While emphasising that the information provided must fall within the school sex education policy as set out by the governors, CARE believes that ‘teaching staff can be helped with the task of sex education by networking them with outside agencies and by providing a directory of local and national organisations who can provide resources, support or speakers.’[xxiii]  And what outside national organisations does CARE have in mind?  And who do CARE have in mind when they suggest that ‘sex education needs to be taught by those who want to do it, and are properly trained to do so’?[xxiv]  From our study of sex education it is clear that the FPA, Brook and the Health Education Authority fit these criteria.

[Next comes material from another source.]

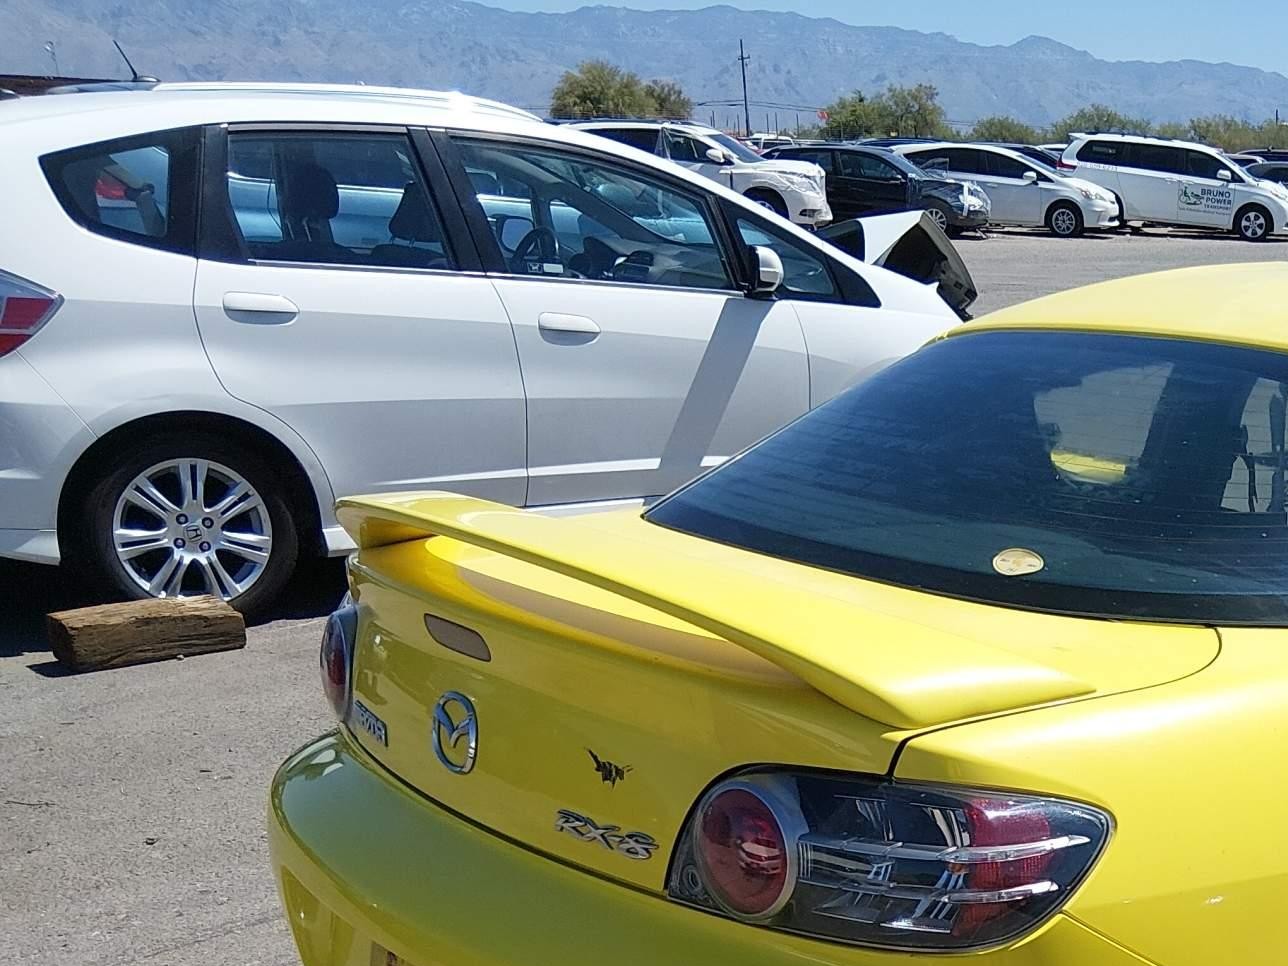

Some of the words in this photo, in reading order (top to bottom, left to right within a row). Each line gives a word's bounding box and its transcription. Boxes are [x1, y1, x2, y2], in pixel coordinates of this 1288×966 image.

 4.  Supporting amoral sex education resources

CARE endorses a number of books and sex education resources that present a blatantly amoral view of sexual behaviour.  For example, Body of Knowledge, described by CARE as a resource which provides material for training teachers about sex education in primary schools within a specifically Christian moral framework,[xxv] asserts: ‘A homosexual relationship is understood to be a partnership between two consenting adults of the same gender who may share sexual attraction and pleasure.  It is acknowledged that men and women can find friendship and fulfilment with those of the same and opposite gender.  Children should be encouraged to see same-gender relationships as part of a natural friendship and not necessarily homosexual.’[xxvi]  And if a child specifically asks for a teacher’s moral view on a particular controversial subject, such as, ‘Is abortion wrong?’ the teacher can say, ‘People have very different beliefs about this and everyone needs to think about it carefully’ or ‘It is not important what I think about it, people have different opinions and have to decide what is right for themselves.’[xxvii] [our italics]  According to Body of Knowledge, if teachers are unclear about policy they should direct questions to the headteacher, the Family Planning Association or the Sex Education Forum.[xxviii] Moreover, Body of Knowledge provides a long list of recommended resources, including many publications from the FPA, Brook and the HEA.  In particular, the FPA’s Primary School Workbook (1993) written by Gill Lenderyou is listed as a resource which can be used in promoting good practice[xxix].  Background reading for teachers, governors and parents includes Doreen Massey’s School sex education, Why, What and How (1991) produced by the FPA.  Useful addresses provided for teachers, parents and school governors include the FPA, Brook, the HEA and the Sex Education Forum.[xxx] Body of Knowledge recommends Knowing me, knowing you as a book of practical ideas and workshops for primary school sex education.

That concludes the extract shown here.